Only the lines from the one containing "this 1920×1080 image." to the end of the listing below should be returned, exactly as written and without pictures.

Dataset content:
[Start of section]

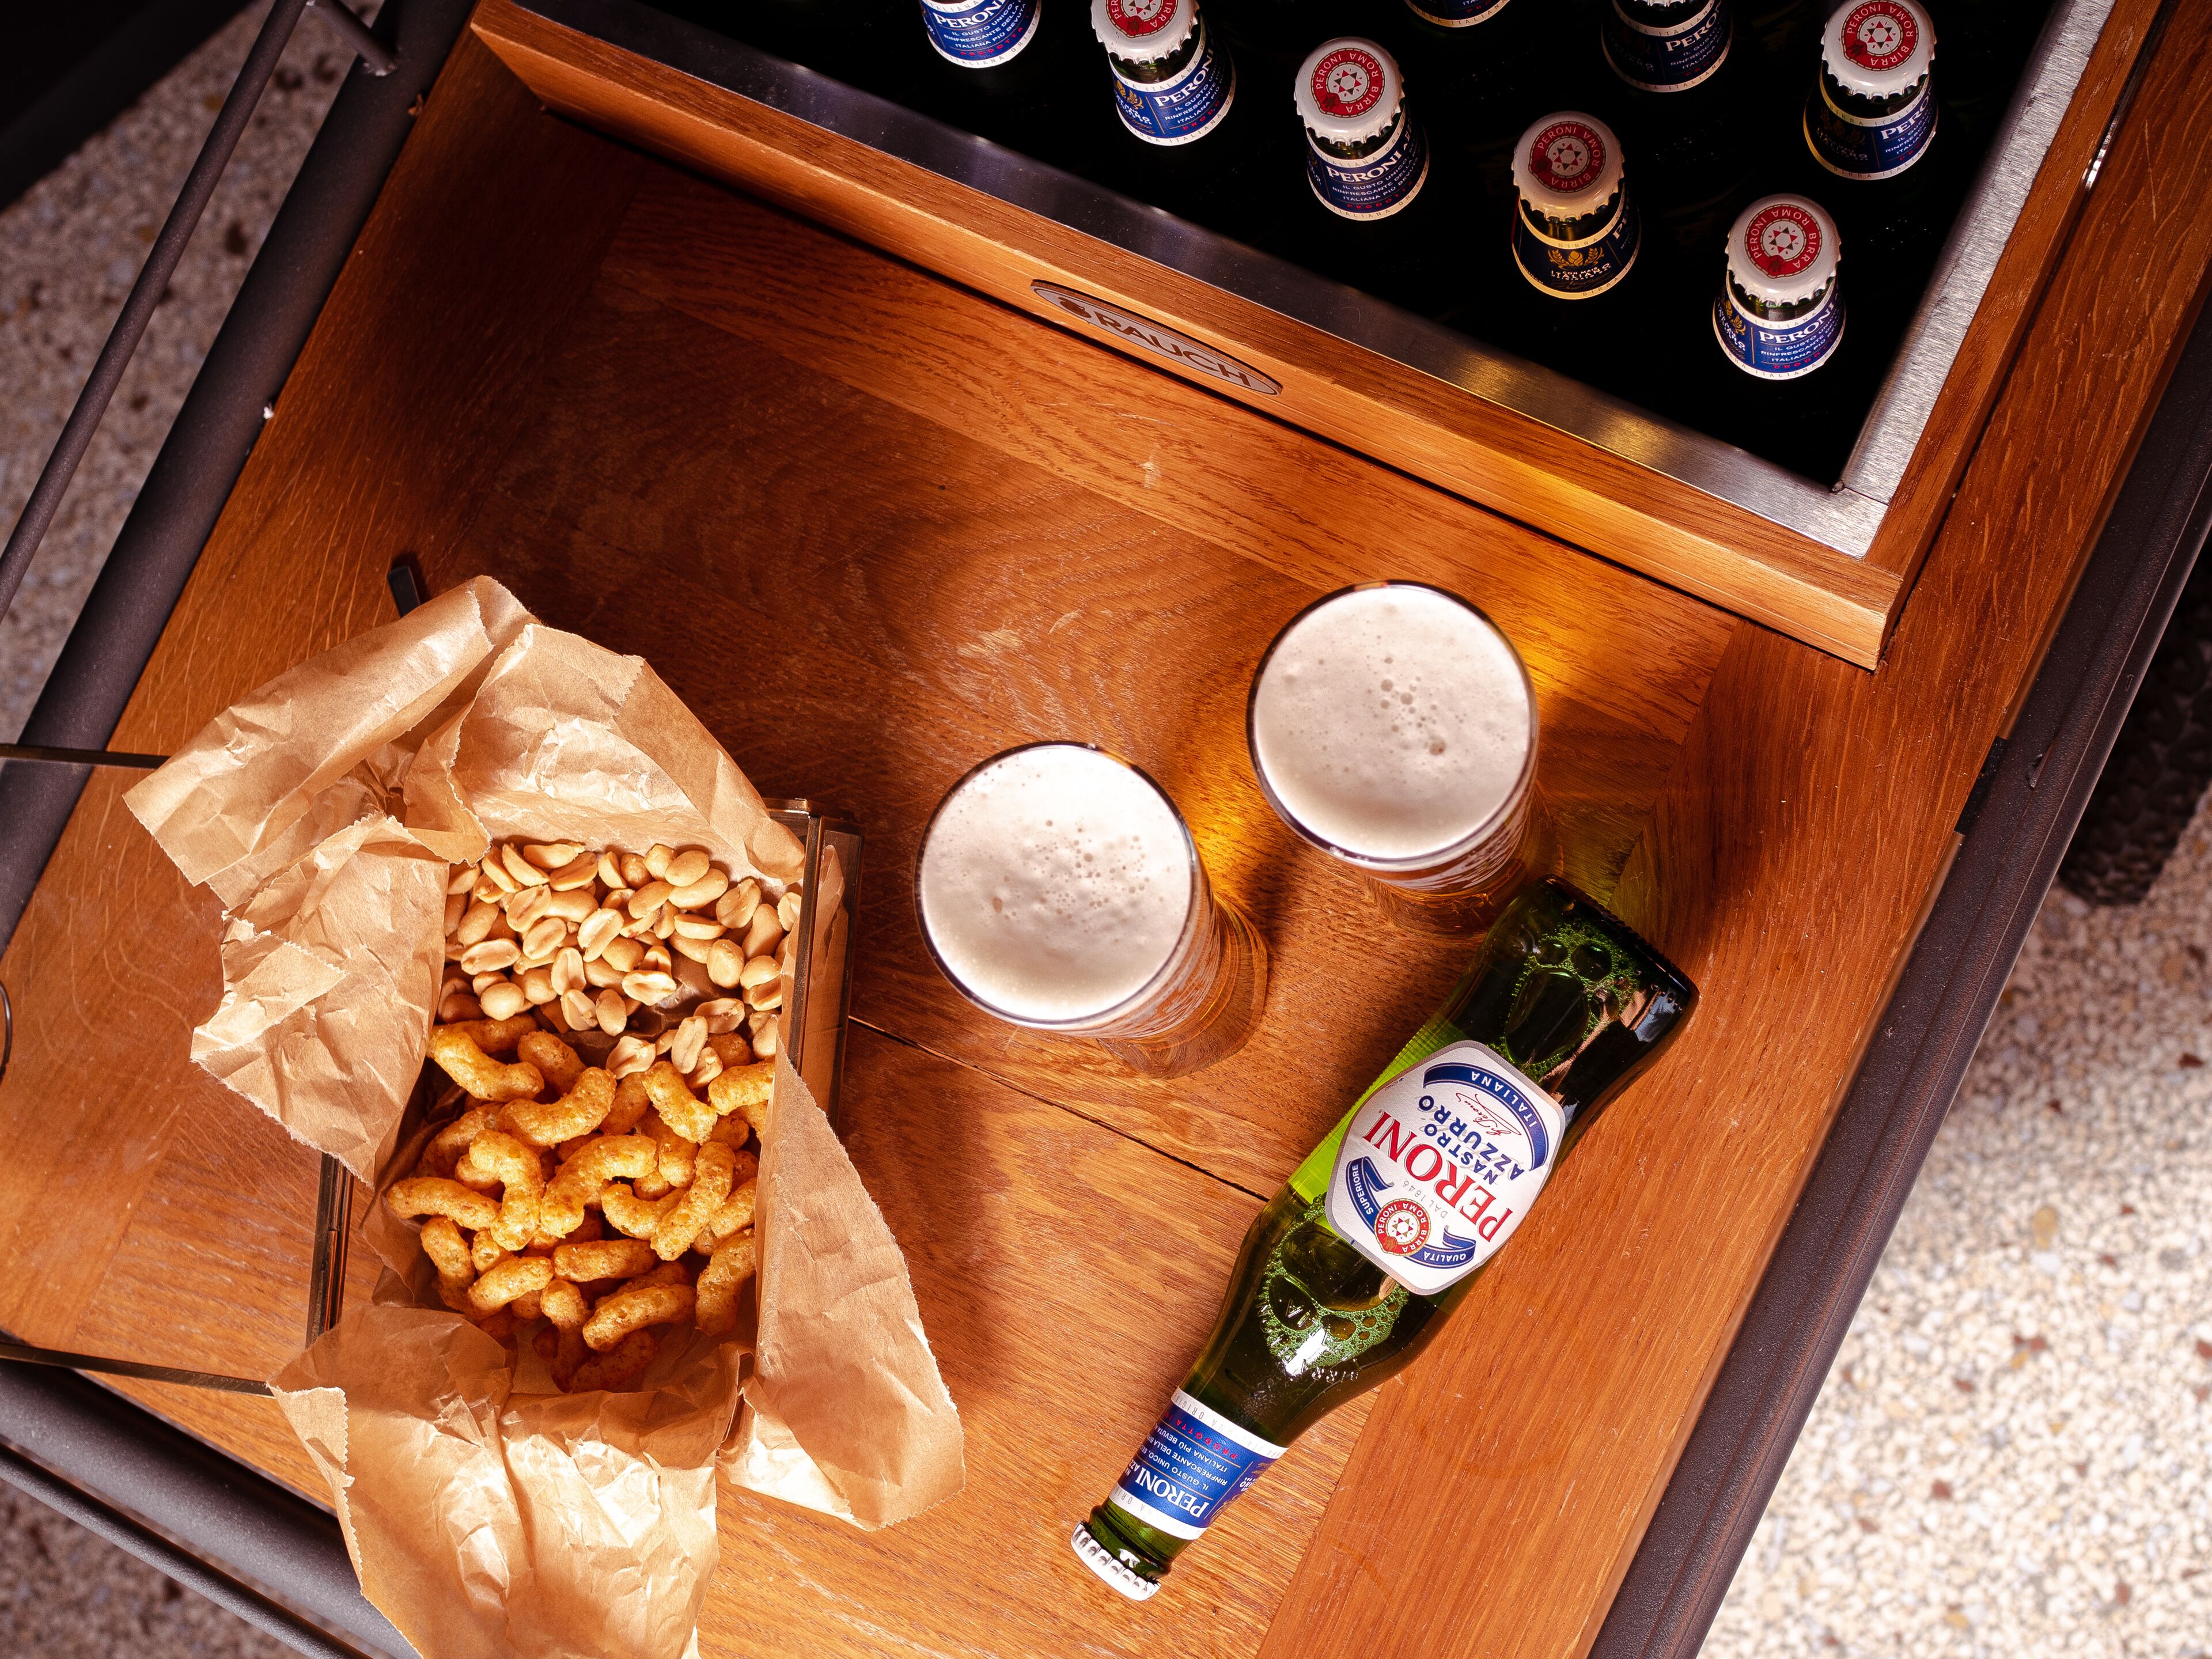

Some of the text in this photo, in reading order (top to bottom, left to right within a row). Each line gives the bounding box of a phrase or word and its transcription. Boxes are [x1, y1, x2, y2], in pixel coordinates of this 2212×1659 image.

[932, 0, 1006, 28] PERON
[961, 25, 990, 36] GUSTO
[1111, 0, 1173, 28] PER IRRA
[1665, 0, 1721, 52] PERO
[943, 26, 1002, 43] RINFRESCANTE
[955, 40, 991, 48] ITALIANA
[1846, 3, 1914, 66] PERONI ROMA BIRRA
[1153, 47, 1214, 107] PERONI
[1316, 52, 1379, 113] PERONI ROMA BIRRA
[1164, 82, 1216, 120] RINFRESCANTE
[1184, 84, 1209, 107] GUSTO
[1880, 84, 1932, 140] PERO
[1177, 101, 1211, 124] ITALIANA
[1325, 150, 1403, 183] PERONI
[1537, 126, 1601, 188] PERONI ROMA BIRRA
[1332, 181, 1393, 196] RINFRESCANTE
[1353, 180, 1383, 191] GUSTO
[1558, 237, 1599, 249] BIRRA
[1749, 209, 1817, 269] PERONI ROMA BIRRA
[1758, 303, 1835, 344] PERONI
[1096, 312, 1252, 387] RAUCH
[1760, 335, 1824, 357] RINFRESCANTE
[1771, 350, 1812, 362] ITALIANA
[1786, 335, 1816, 351] GUSTO
[1471, 1071, 1537, 1128] ITALIANA
[1418, 1094, 1525, 1181] AZZURRO
[1424, 1123, 1499, 1185] NASTRO
[1351, 1164, 1374, 1215] SUPERIORE
[1362, 1111, 1513, 1243] PERONI
[1403, 1179, 1448, 1219] DAL 1846
[1377, 1202, 1427, 1253] PERONI ROMA BIRRA
[1422, 1250, 1467, 1263] QUALITÀ
[1155, 1438, 1171, 1456] DELLA
[1157, 1426, 1178, 1444] BEVUTA
[1175, 1418, 1238, 1460] PRODOTTA
[1178, 1441, 1192, 1453] PIÙ
[1171, 1451, 1228, 1486] RINFRESCANTE
[1171, 1466, 1200, 1486] GUSTO
[1194, 1449, 1228, 1473] ITALIANA
[1135, 1468, 1210, 1518] PERONI
[1202, 1482, 1209, 1491] IL
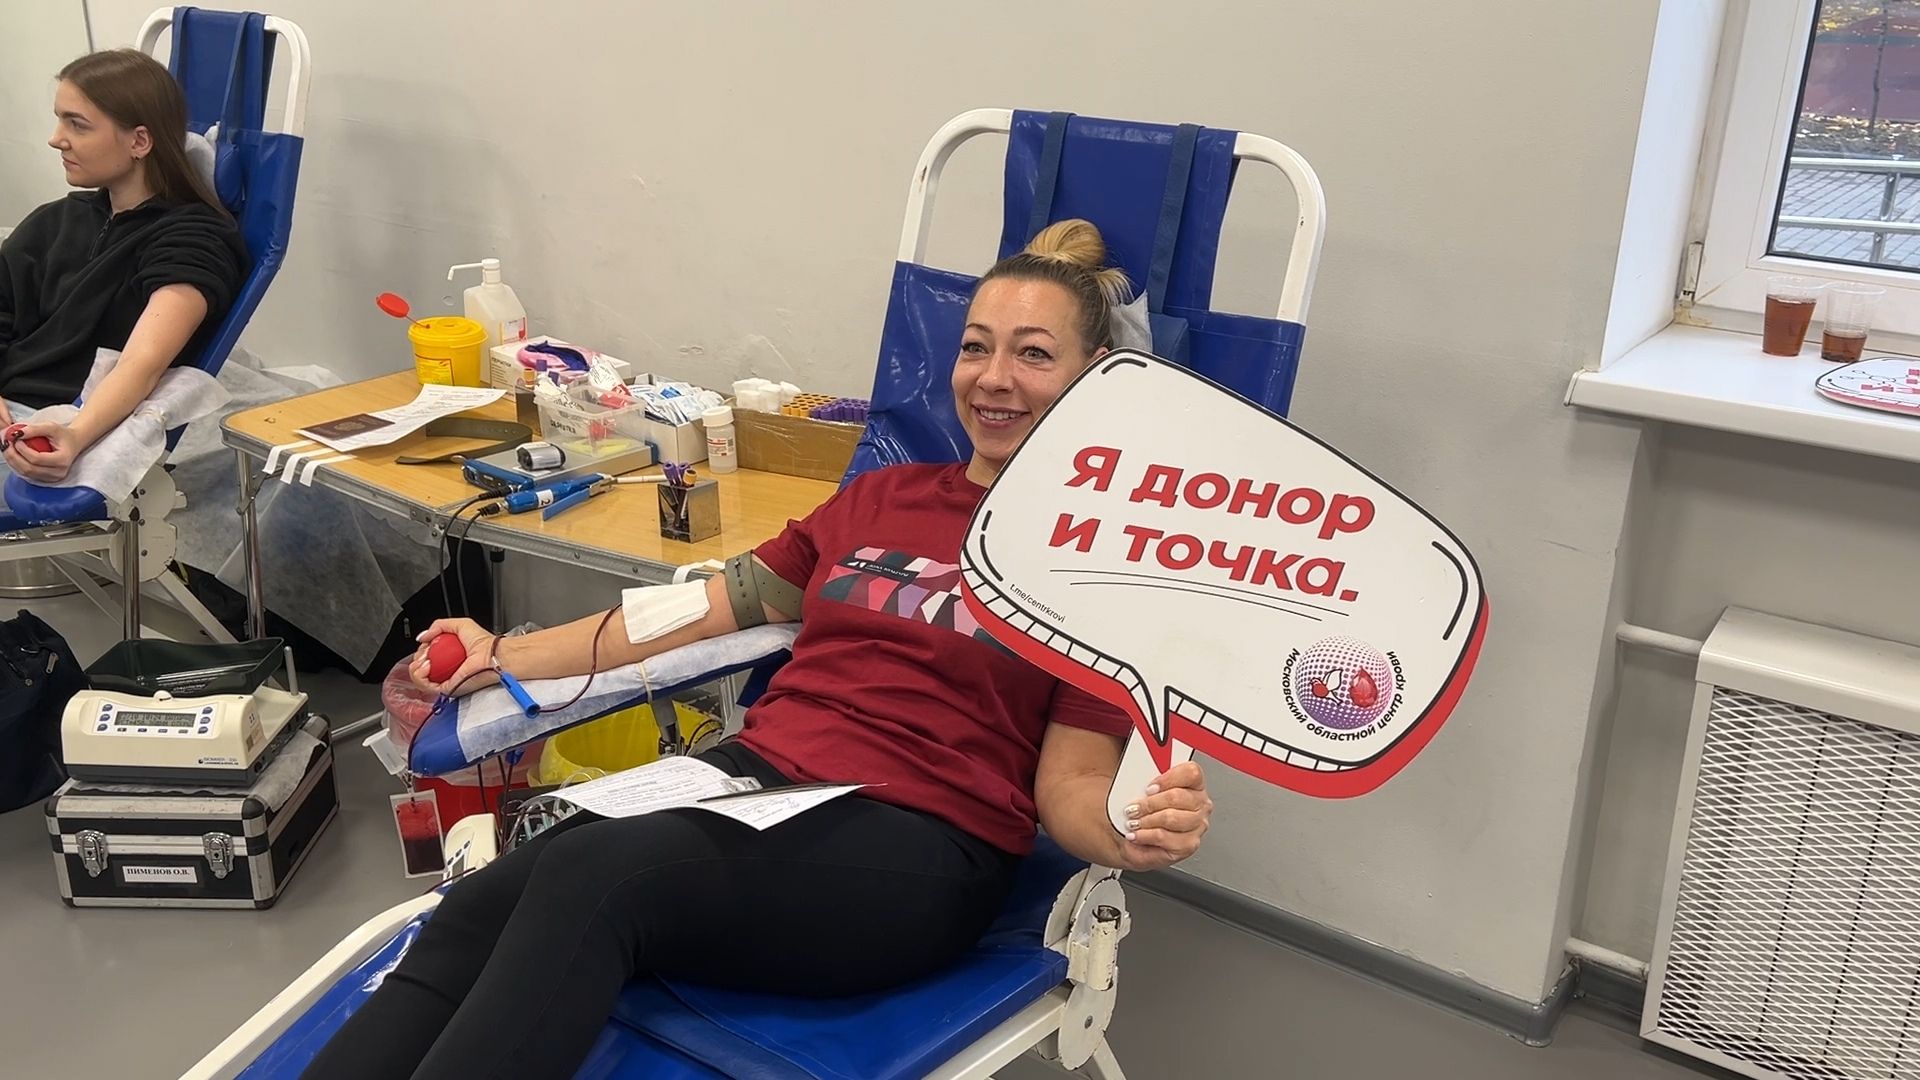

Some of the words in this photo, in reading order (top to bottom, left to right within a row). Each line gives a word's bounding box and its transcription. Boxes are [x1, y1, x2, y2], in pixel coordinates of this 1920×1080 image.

[1064, 445, 1122, 493] Я
[1129, 464, 1375, 540] донор
[1049, 512, 1101, 553] и
[1123, 524, 1358, 602] точка.
[1009, 584, 1066, 623] t.me/centrkrovi
[1282, 648, 1309, 723] Московский
[1386, 650, 1406, 691] крови
[1377, 692, 1404, 729] центр
[1306, 722, 1376, 741] областной
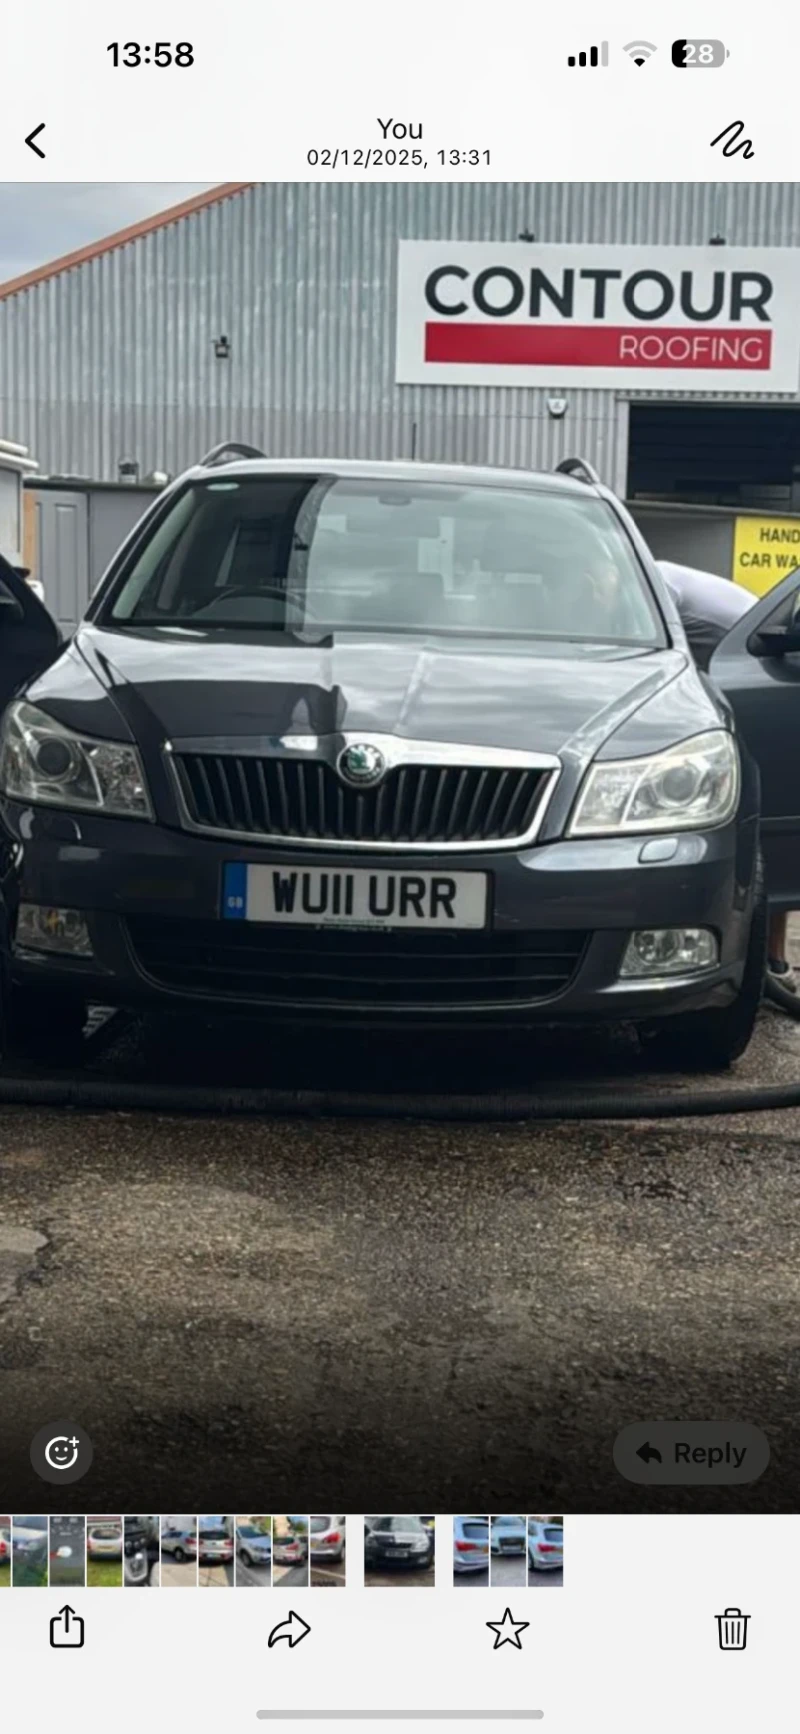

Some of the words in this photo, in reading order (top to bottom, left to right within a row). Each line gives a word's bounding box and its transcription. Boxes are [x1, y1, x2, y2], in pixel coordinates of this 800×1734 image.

[424, 265, 774, 322] CONTOUR
[619, 335, 763, 363] ROOFING
[759, 527, 800, 544] HAND
[740, 551, 771, 568] CAR
[775, 554, 800, 569] WA
[272, 870, 355, 916] WU11
[368, 874, 457, 919] URR
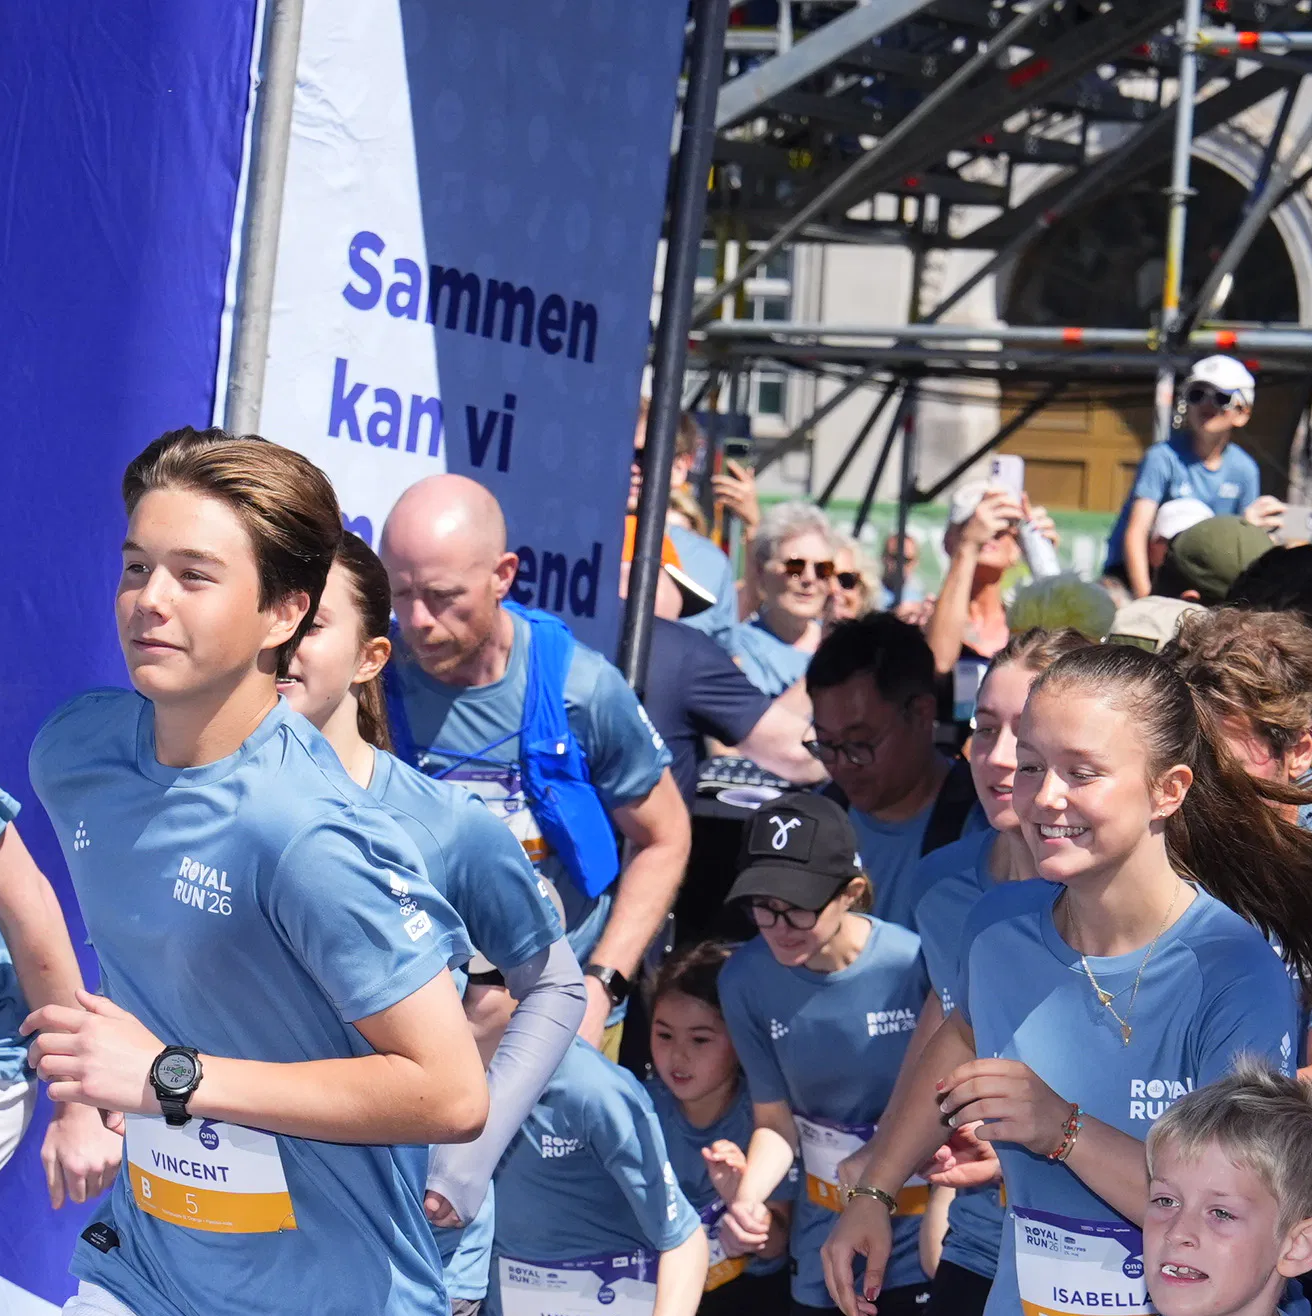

[End of section]

Result:
Some of the words in this photo, in reading order (top to bottom, left to right within a row). Each line gives a word's bounding box and its transcription. Boxes are [x1, y1, x2, y2], in pixel coordinates of this 1920×1080 image.

[1064, 445, 1122, 493] Я
[1129, 464, 1375, 540] донор
[1049, 512, 1101, 553] и
[1123, 524, 1358, 602] точка.
[1009, 584, 1066, 623] t.me/centrkrovi
[1282, 648, 1309, 723] Московский
[1386, 650, 1406, 691] крови
[1377, 692, 1404, 729] центр
[1306, 722, 1376, 741] областной

Some of the words in this photo, in reading order (top to bottom, left to right within a row). Each line gives a word's bounding box and its transcription. Boxes are [x1, y1, x2, y2], in pixel coordinates of this 800×1734 image.

[424, 265, 774, 322] CONTOUR
[619, 335, 763, 363] ROOFING
[759, 527, 800, 544] HAND
[740, 551, 771, 568] CAR
[775, 554, 800, 569] WA
[272, 870, 355, 916] WU11
[368, 874, 457, 919] URR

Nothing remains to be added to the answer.